* _Directions for this task_
Once you have checked each line below, report only the number of lines that contain the word "충북소외".

[Records from a dataset]
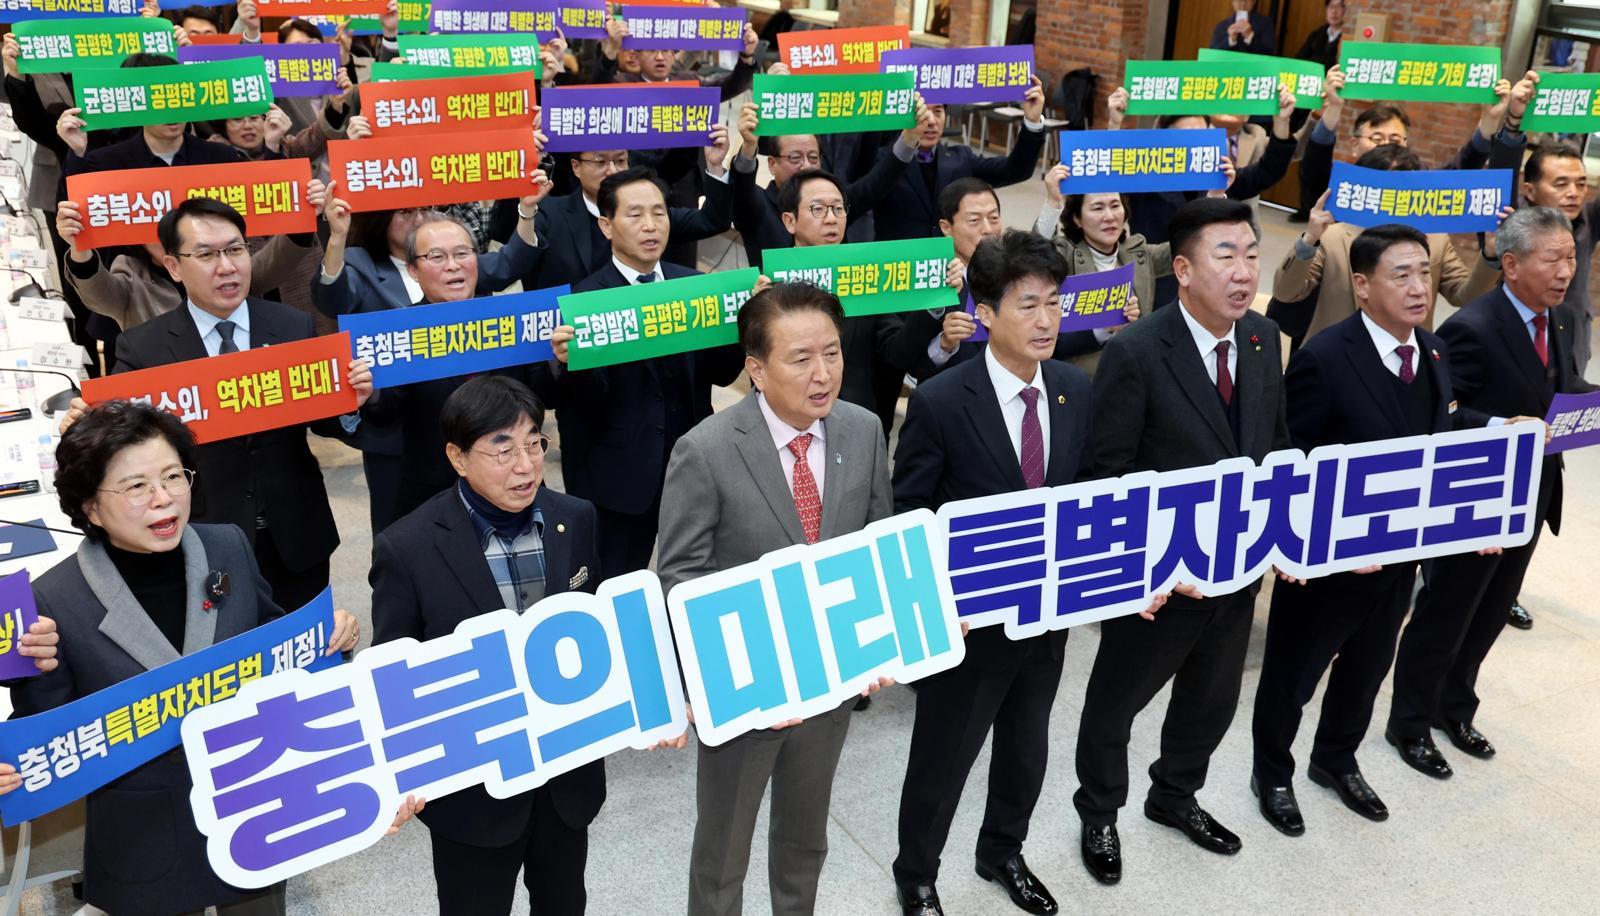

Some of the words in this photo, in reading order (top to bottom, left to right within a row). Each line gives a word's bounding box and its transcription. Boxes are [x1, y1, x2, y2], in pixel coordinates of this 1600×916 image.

[434, 10, 462, 31] 특별한
[463, 10, 488, 31] 희생에
[490, 11, 507, 31] 대한
[509, 11, 533, 31] 특별한
[535, 11, 556, 32] 보상!
[562, 8, 585, 27] 특별한
[587, 9, 605, 28] 보상!
[628, 18, 653, 38] 특별한
[654, 18, 679, 38] 희생에
[680, 19, 697, 38] 대한
[698, 19, 722, 38] 특별한
[723, 20, 743, 39] 보상!
[18, 35, 73, 59] 균형발전
[75, 33, 113, 57] 공평한
[115, 32, 141, 55] 기회
[143, 31, 174, 54] 보장!
[452, 46, 485, 68] 공평한
[487, 47, 509, 67] 기회
[510, 46, 536, 66] 보장!
[789, 44, 838, 69] 충북소외,
[842, 41, 874, 64] 역차별
[278, 58, 310, 83] 특별한
[311, 58, 336, 81] 보상!
[920, 64, 951, 90] 희생에
[954, 63, 974, 88] 대한
[977, 62, 1006, 88] 특별한
[1008, 61, 1030, 87] 보상!
[1297, 74, 1322, 97] 보장!
[1344, 58, 1398, 85] 균형발전
[1398, 60, 1438, 87] 공평한
[1438, 63, 1466, 88] 기회
[1466, 63, 1498, 89] 보장!
[84, 85, 147, 114] 균형발전
[149, 82, 196, 110] 공평한
[199, 79, 229, 105] 기회
[232, 74, 267, 104] 보장!
[760, 92, 814, 119] 균형발전
[816, 90, 856, 118] 공평한
[857, 90, 883, 115] 기회
[885, 88, 914, 115] 보장!
[1130, 76, 1180, 100] 균형발전
[1181, 76, 1219, 100] 공평한
[1220, 76, 1245, 100] 기회
[1246, 76, 1276, 100] 보장!
[1533, 88, 1592, 116] 균형발전
[374, 96, 441, 128] 충북소외,
[447, 92, 490, 121] 역차별
[494, 89, 529, 117] 반대!
[549, 106, 586, 136] 특별한
[588, 106, 623, 135] 희생에
[625, 105, 650, 134] 대한
[651, 105, 683, 133] 특별한
[686, 105, 714, 132] 보상!
[345, 157, 424, 193] 충북소외,
[430, 152, 482, 185] 역차별
[486, 149, 526, 181] 반대!
[1071, 147, 1188, 177] 충청북특별자치도법
[1190, 145, 1221, 174] 제정!
[252, 181, 300, 215] 반대!
[1336, 181, 1467, 217] 충청북특별자치도법
[1468, 187, 1502, 216] 제정!
[836, 263, 880, 297] 공평한
[882, 260, 911, 292] 기회
[914, 258, 948, 290] 보장!
[1074, 288, 1108, 316] 특별한
[1106, 281, 1131, 312] 보상!
[573, 308, 640, 349] 균형발전
[641, 300, 688, 338] 공평한
[690, 295, 720, 329] 기회
[356, 315, 516, 368] 충청북특별자치도법
[216, 369, 284, 414] 역차별
[288, 358, 340, 401] 반대!
[1552, 409, 1584, 438] 특별한
[0, 608, 24, 655] 상!
[202, 587, 672, 872] 충북의
[684, 524, 950, 729] 미래
[948, 433, 1535, 626] 특별자치도로!
[18, 651, 262, 793] 충청북특별자치도법
[270, 620, 326, 675] 제정!

* _Result of this exercise_
3